Zicra Lukin didn’t grow up eating much babka. But on the verge of opening her own Jewish bakery, Babkush just off Southeast Hawthorne, she’s found herself surrounded by the sweet braided bread, often filled with chocolate, fruit or cinnamon.
“It was never anything that was part of a great family tradition, or something that I longed for,” Lukin said. “The babka that I remember from my childhood was pretty dry and unremarkable.”
While seeking a pandemic hobby with her daughter, Lukin was reintroduced to babka. Instead of pulling from her Jewish family recipes, she developed her own recipes drawing mainly from her personal tasting and eating experiences.
Lukin hopes to open her Babkush storefront in November. Since leasing a commercial kitchen from cloudforest in April, she’s been accepting orders online and participating in farmers markets. Babkush is just one small piece of what Lukin calls the “babka renaissance.”
“People were really excited about it in New York,” Lukin said. “A lot of it has to do with this guy, Uri Scheft, who owned Breads Bakery, and he kind of reintroduced babka… to me, it felt like a new, updated version.”
Modern babka has incorporated new and inventive flavors, fillings and ingredients, like Lukin’s seasonal cinnamon walnut babka or apple, date and cardamom babka for Yom Kippur. But her specialty is chocolate babka.
Babka originated in the Jewish communities of Eastern Europe, often made with a rich, braided, yeast-leavened sweet bread filled with cinnamon, jam, raisins or chocolate. The term “babka” means grandmother in Polish and Yiddish.

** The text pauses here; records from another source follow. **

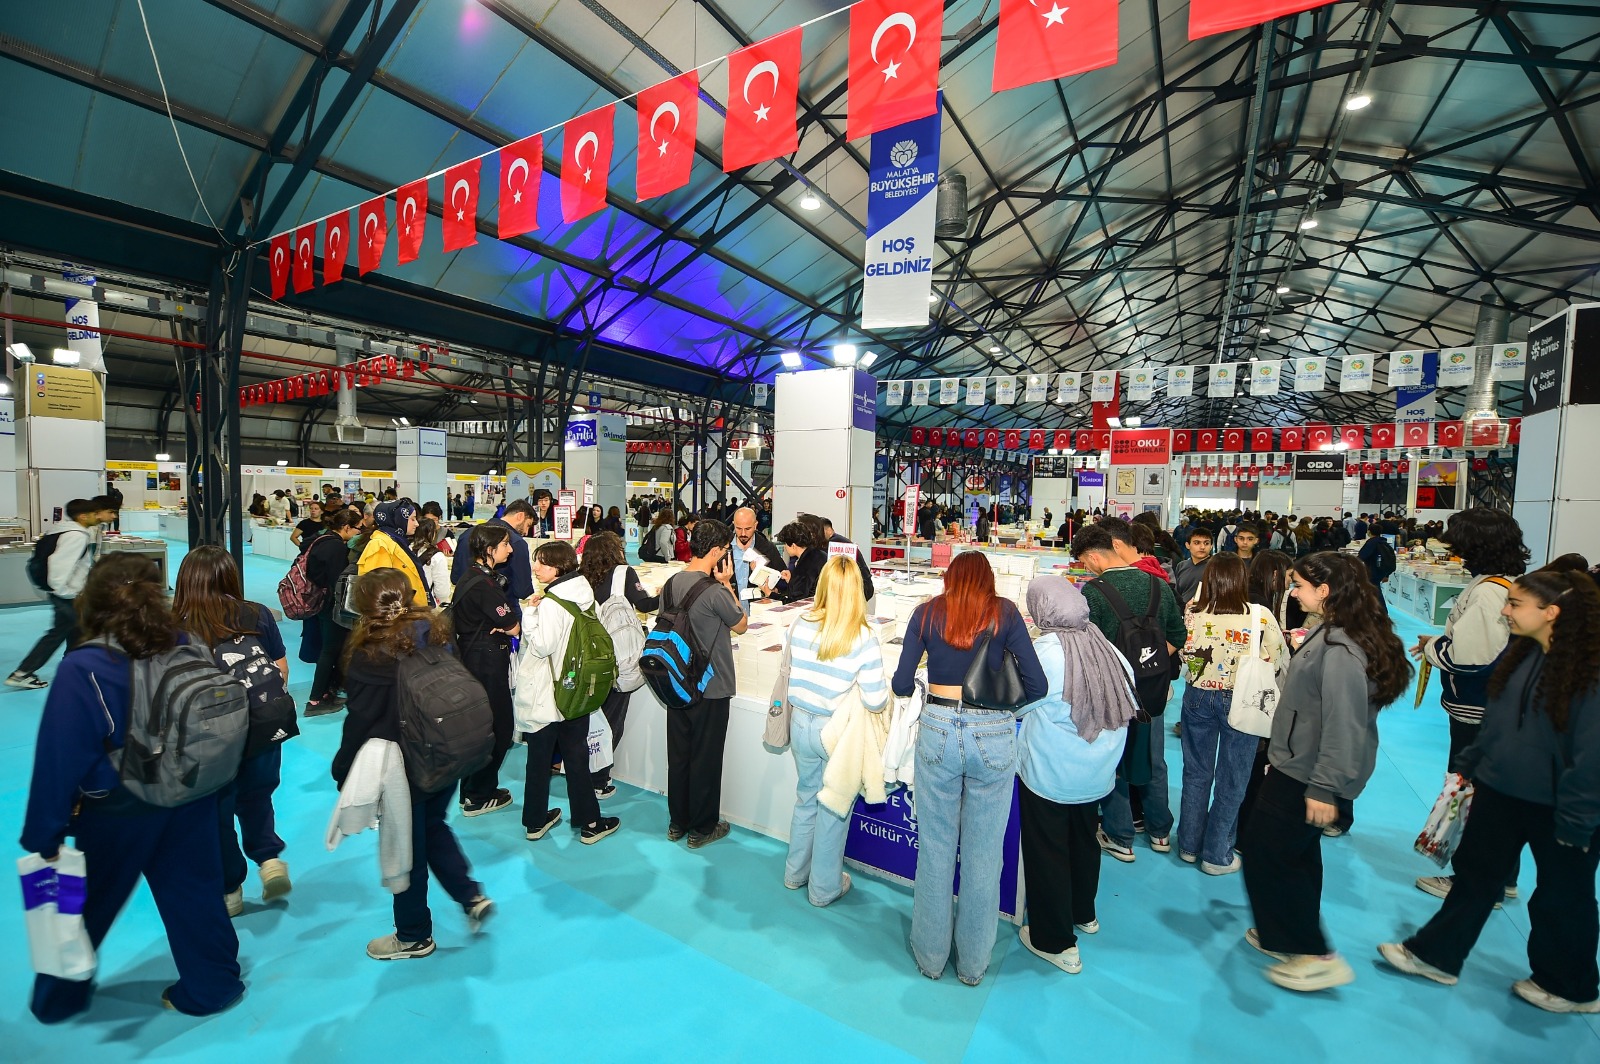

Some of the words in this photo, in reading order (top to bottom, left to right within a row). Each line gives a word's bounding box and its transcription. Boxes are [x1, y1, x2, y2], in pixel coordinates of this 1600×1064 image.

[870, 172, 935, 193] BÜYÜKŞEHİR
[886, 167, 920, 179] MALATYA
[882, 236, 915, 254] HOŞ
[865, 255, 932, 277] GELDİNİZ
[1130, 439, 1166, 448] DOKUZ
[860, 820, 902, 843] Kültür

Babka is definitely the anchor product at Babkush, Lukin said, but the bakery also offers chocolate rugelach, little chocolate crescent rolls soaked in a honey simple syrup, and amaretti cookies, traditional Italian almond-flavored cookies. Current flavors include chocolate hazelnut, vanilla matcha and halva date. Lukin also rotates through seasonal flavored babkas and holiday treats.

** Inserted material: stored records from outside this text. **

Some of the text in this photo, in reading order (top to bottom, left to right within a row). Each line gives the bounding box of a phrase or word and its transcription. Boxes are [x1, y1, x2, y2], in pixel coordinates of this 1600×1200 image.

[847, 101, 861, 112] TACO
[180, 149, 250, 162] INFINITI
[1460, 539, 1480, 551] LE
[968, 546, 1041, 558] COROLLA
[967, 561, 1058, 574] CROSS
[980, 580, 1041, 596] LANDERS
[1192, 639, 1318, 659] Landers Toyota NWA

“For Hanukkah, I make sufganiyot,” Lukin said. “At Purim, which is a holiday in the spring, I make hamantaschen. But I’m also trying to bring in different cultures: I make an Iraqi Jewish pastry called baba ta’mar, which is like a yeasted dough stuffed with a date paste.”
For Lukin, weaving in Jewish baking traditions from across the world is central to sharing culture and expanding the picture of what Jewish baking can be.
“It got me thinking about the way Jewish food is represented in the U.S., and what Jewish food we see,” Lukin said about the beginning of her baking journey. “And it sort of inspired me to start thinking about bringing in other Jewish baking traditions from different communities, different parts of the world.”
Through farmers markets, Lukin has been able to give many people their first tastes of babka or other Jewish baked goods.
“It’s been really, really positive,” Lukin said about her customers’ feedback. “The two groups are babka connoisseurs to the babka novices.”
She hopes to appeal to both groups in her retail space while also fostering a gathering space for the Jewish community. That sense of community extends beyond the bakery’s walls through her background in political advocacy.
Her experiences as an advocate for gun violence prevention and social justice have shaped how she envisions the role of her bakery. Lukin has centered her personal values into Babkush, donating a portion of sales to mutual aid groups directly supporting families in Gaza. The decision, she said, is rooted in her belief that speaking out against injustice should be second nature.
“Palestinian solidarity is really important to me,” she said. “It feels really important for me, in a moment when I have an opportunity as a Jewish bakery, to stand up and say the things that need to be said.”
Already, Babkush’s social media presence strongly emphasizes social justice issues, sharing resources to educate the general public, contact legislators and support Palestinian-serving organizations. Encouraged by her community’s response, Lukin plans to continue that focus when her business opens.
“I feel like, if I have a platform, I really want to ask folks to look into other ways to participate in Palestinian solidarity in Portland,” Lukin said.
Until Babkush bakery officially opens to the public, customers can order baked goods by directly messaging the Babkush Instagram account or placing an order through the form linked in the account’s bio.
You can also find Babkush at the Beaverton Farmers Market on Saturdays through the end of October, the Hillsdale Farmers Market on Sundays through the end of October and the King Farmers Market on Oct. 12, 26 and Nov. 9. Babkush Babkas are also available for purchase at Providore Fine Foods on Northeast Sandy Boulevard and Bread and Roses Market on Southeast Foster Road.